2008-12-04 / Business Profiles

Naples Air takes off from humble beginnings

BY BILL CORNWELL news@floridaweekly.com

Almost seven years ago, Catherine and Jon Fay faced a decision: Should they abandon financial security and a comfortable lifestyle in a place they loved (Vermont) in order to buy a charter airline company in Naples that consisted of what Cahterine called "one tiny, ratty airplane."

NAPLES AIR PHOTO On the tarmac: Orlando Macias, Catherine and Jon Fay, and Rich Lytle. NAPLES AIR PHOTO On the tarmac: Orlando Macias, Catherine and Jon Fay, and Rich Lytle. They wrestled with the pros and cons. The safe thing was to remain in the green hills of Vermont. But that isn't the Fays' style, so they headed south.

"Jon and I weren't married at the time, we weren't living together and we hadn't worked together," Mrs. Fay recalls. "But we decided to do it anyway."

It was one of the smartest moves that the Fays, who married in 2003 (the ceremony took place in an airplane, naturally), ever made. Naples Air, Inc., at 200 Aviation Drive North at Naples Municipal Airport, and its co-owners have prospered.

For Mr. Fay, who is 63 and has piloted aircraft for more than 40 years, the transition was a natural. But not so for Mrs. Fay.

"I was in radio broadcast sales in Vermont," she says. "I had been successful, and I had a substantial income. What did I know about flying? Nothing."

Aeronautical knowledge was not needed. Mr. Fay handles that end, and his considerable skill as a pilot soon became well known across Southwest Florida. That left Mrs. Fay to work the business side — and she works it quite well.

From that humble and precarious beginning, Naples Air now boasts four airplanes (the original craft has been sold), and has added another pilot to assist Mr. Fay and a mechanic.

Business and pleasure travelers who are making short-to-intermediate trips — within Florida or to points in the Southeast or Midwest, for example — can hire one of the company's planes and a pilot. That's the most elemental aspect of the business.

"We'll have people who want to go to Disney World for an outing," Mrs. Fay says. "They hire us. We fly them up. The pilot stays overnight, which is cheaper than flying the plane back here. And the next morning or a day later or whenever, everyone returns. During the summer, we fly a lot of people to the mountains in the Carolinas. We fly often to the Keys. We take people where they need to go. Pretty simple."

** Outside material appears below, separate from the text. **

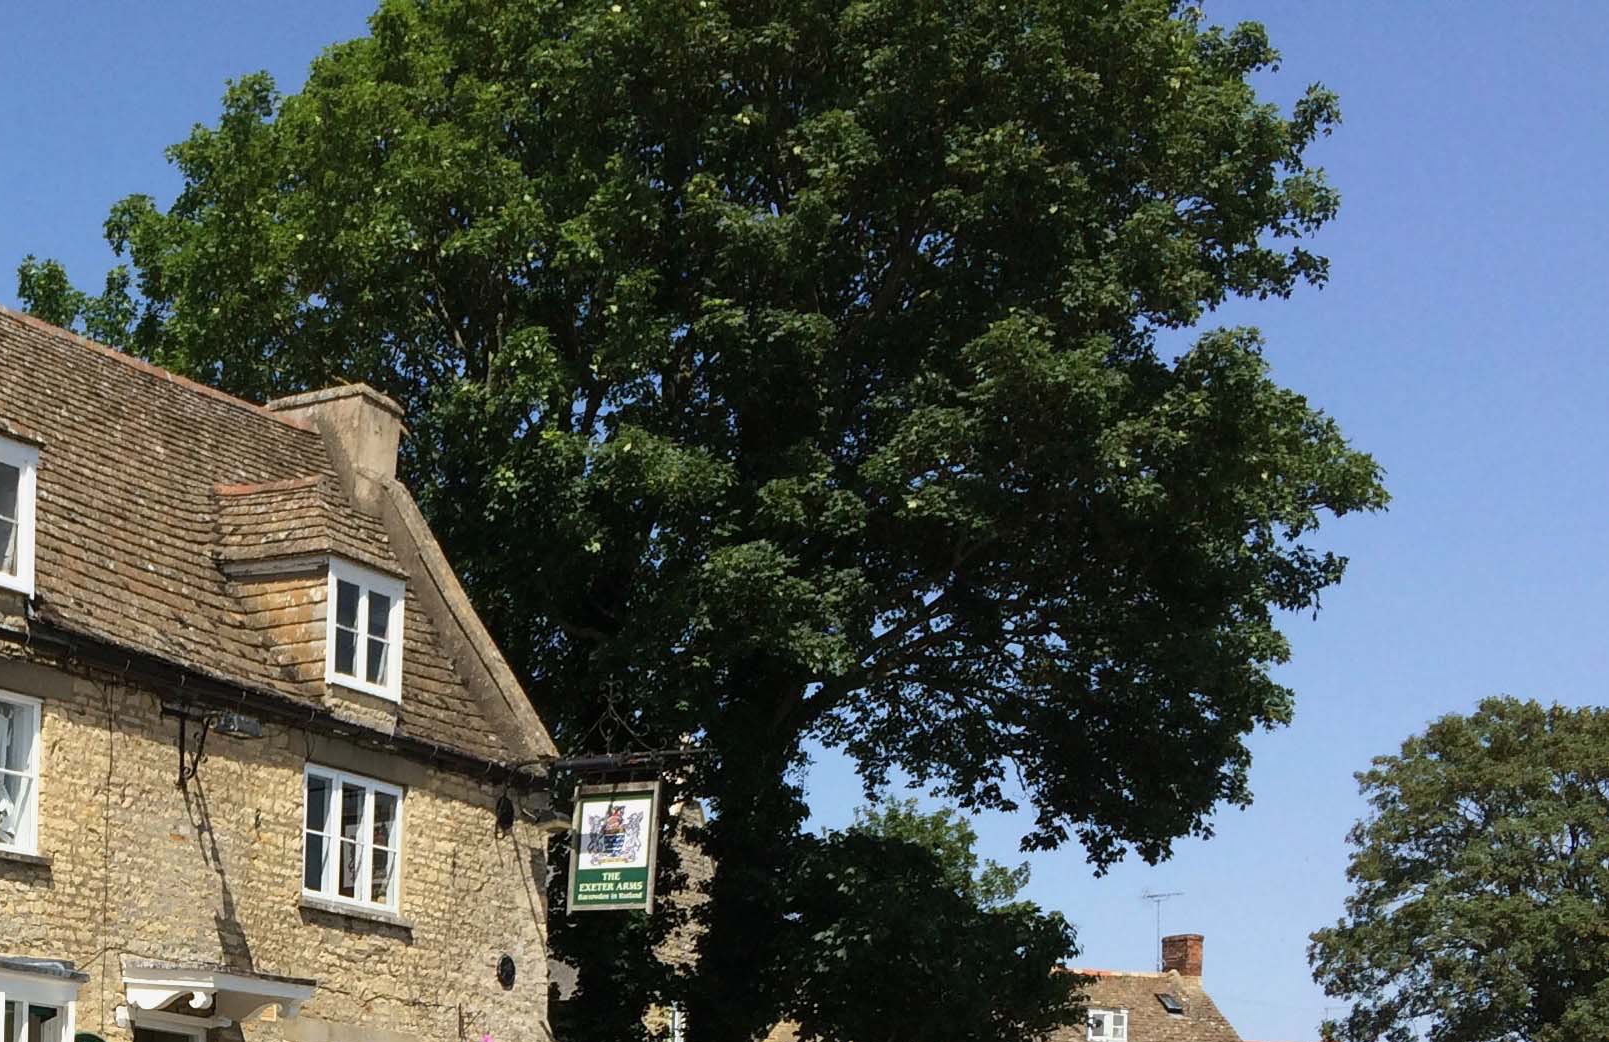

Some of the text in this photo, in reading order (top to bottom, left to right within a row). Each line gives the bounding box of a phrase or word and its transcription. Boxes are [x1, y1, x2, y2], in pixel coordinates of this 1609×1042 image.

[601, 871, 621, 881] THE
[579, 881, 643, 892] EXETER ARMS

A substantial portion of the business travel involves quick trips to Tallahassee, which is notoriously difficult to reach via commercial airlines and often involves dreaded plane changes in Atlanta.

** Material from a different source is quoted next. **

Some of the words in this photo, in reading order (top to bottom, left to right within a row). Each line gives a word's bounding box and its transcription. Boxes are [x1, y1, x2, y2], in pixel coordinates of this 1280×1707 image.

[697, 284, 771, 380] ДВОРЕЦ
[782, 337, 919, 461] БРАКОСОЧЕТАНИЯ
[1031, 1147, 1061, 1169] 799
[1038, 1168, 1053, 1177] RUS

For those traveling greater distances, Mrs. Fay uses her contacts within the industry to broker flights provided by other charter outfits that specialize in longer hauls. Brokering is an important aspect of Naples Air's operations, and Mrs. Fay says that it now comprises about a third of the company's overall business.

"There are days when we might have five airplanes going, and only two actually belong to me," Mrs. Fay notes. "We've had as many as six airplanes going at a time."

The first five calendar months are the busiest time for Naples Air as snowbirds move back and forth. This also is the period of greatest activity for air ambulance services, which Mrs. Fay also brokers.

The economic downturn has adversely affected their business, she says, but not to the degree that other companies have been hit. Without providing specific numbers, she says brokering is down about 30 percent, but other revenues, while slightly diminished, remain fairly steady.

"The air ambulance business has been hit, no doubt," she says. "Let's say you want to hire an air ambulance to go back to California for a weekend to visit your doctor. That's going to cost about $26,000. That's a lot of money. I mean, you really have to want to see that doctor to pay that."

Naples Air also has added an opencockpit biplane that provides barnstorming and sight-seeing flights across Southwest Florida.

Mrs. Fay says the business' rewards far outweigh the long hours that are required to keep it going.

"I answer the phone 24 hours, seven days a week," she says.

Her dedication to customers was cemented by an incident that took place about six months after she and her husband bought the business. Mrs. Fay received a call late one evening from a young couple who needed to get to Jacksonville as quickly as possible. Their 2-year-old child had fallen into a swimming pool in Jacksonville and was in critical condition. Mrs. Fay quickly brokered a flight, met the distraught parents at the airport and personally escorted them aboard their plane.

Later, she talked to the father.

"He told me that his son didn't make it," she says with a catch in her voice. "But he said that they got there in time to be with him when he died. I made a vow then that I was always going to answer that phone. Always."